Assignment
Exact copy, no pictures: output each line below as it stands.

Input data
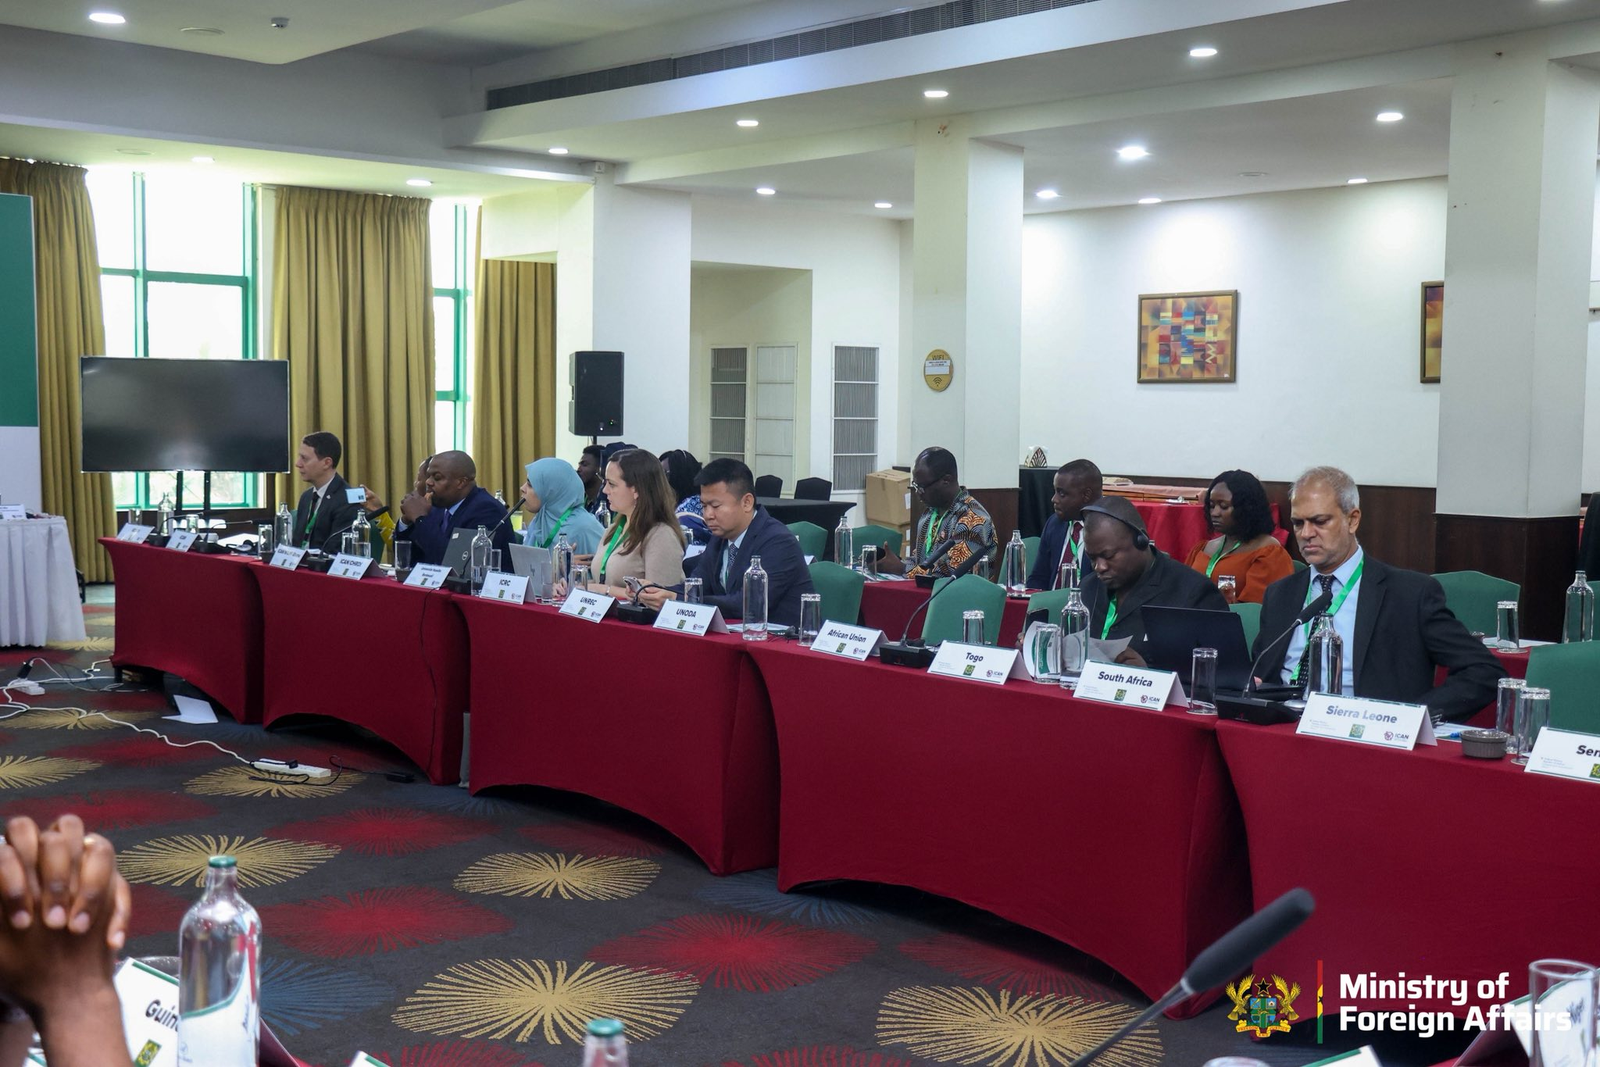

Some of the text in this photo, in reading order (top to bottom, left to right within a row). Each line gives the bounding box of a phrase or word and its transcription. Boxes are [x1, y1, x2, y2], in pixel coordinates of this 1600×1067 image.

[499, 579, 511, 587] ICRC
[580, 596, 598, 606] UNREC
[676, 608, 697, 618] UNODA
[827, 628, 867, 643] African Union
[965, 652, 984, 663] Togo
[1098, 671, 1153, 687] South Africa
[1326, 705, 1398, 724] Sierra Leone
[1394, 731, 1410, 740] ICAN

Written answer
Some of the text in this photo, in reading order (top to bottom, left to right within a row). Each line gives the bounding box of a phrase or word and its transcription. Boxes are [x1, y1, x2, y2], in pixel coordinates of this 1600×1067 image.

[499, 579, 511, 587] ICRC
[580, 596, 598, 606] UNREC
[676, 608, 697, 618] UNODA
[827, 628, 867, 643] African Union
[965, 652, 984, 663] Togo
[1098, 671, 1153, 687] South Africa
[1326, 705, 1398, 724] Sierra Leone
[1394, 731, 1410, 740] ICAN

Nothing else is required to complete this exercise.